Q. This is a follow-up on the punishment forever question. Ever since I read about the view you discussed (a couple years ago actually in one of your articles) I’ve been looking for something concrete to back this up. The idea appeals to me humanly, and presents a view of God consistent with his love … However, I’m coming up dry.
Also, in light of Isaiah 66:24 and Mark 9:48 (and possibly 2 other vs in the KJV, I believe where it is repeated in the Mk 9 passage) I feel this is refuting the annihilation view. Is there another interpretation of “their worm does not die, and the fire is not quenched”. I’ve been wrestling with this now for about a year but wanted to find an answer through my own study. Can you help?

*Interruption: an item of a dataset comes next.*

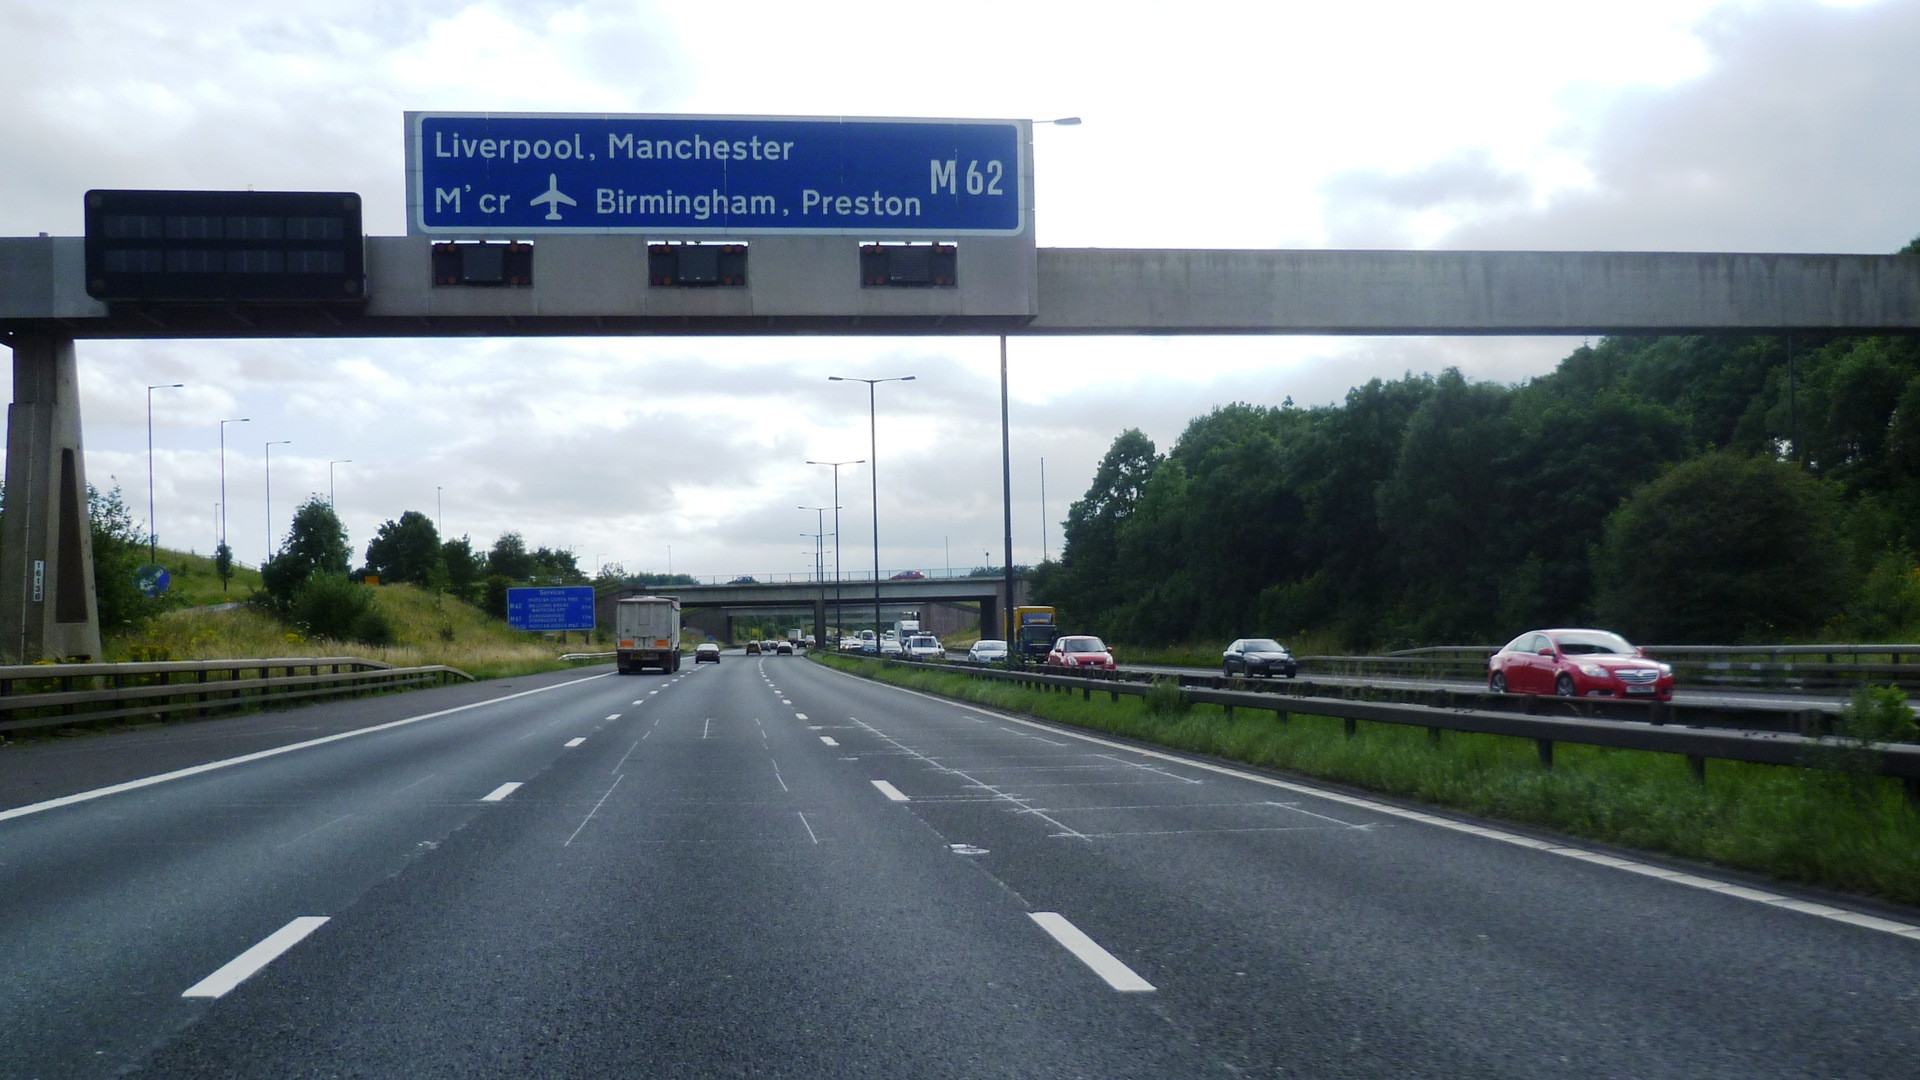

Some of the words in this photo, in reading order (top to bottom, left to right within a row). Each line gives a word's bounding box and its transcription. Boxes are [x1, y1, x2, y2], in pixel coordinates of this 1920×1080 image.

A. Among the three leading interpretations of Scripture pertaining to the destiny of unbelievers, the traditional view of eternal suffering is most consistent with Scripture. Those who like the conditional view point to the concept of being judged according to their works as being more in in line with God’s character, but they don’t have a good explanation for the verses you cite. (I won’t address the allegorical view for obvious reasons.)
In John 6:28-29 Jesus was asked what works God requires of us. Jesus answered, “Believe in the One He has sent.” With a perfect (might I say Heaven sent?) opportunity to list everything that God expects from us, Jesus mentioned only this. If this is God’s only required work than being judged according to our works could simply mean judged according to whether we believe or not.
We humans need to get over our self importance. From my reading of the Bible it seems like throughout history we’ve distinguished ourselves primarily by messing things up. God chooses to work through us out of love, but He definitely doesn’t need our help. He rewards believers with crowns because of our attitude of gratitude, not our results. Like he did with Adam and Eve, maybe God has given us only one rule. Believe in the One He has sent. Everything else comes after that, and with out it nothing else matters.
If that’s the case then the admired non-believing philanthropist and the reviled mass murderer are on equal footing. They both failed to fulfill God’s only requirement.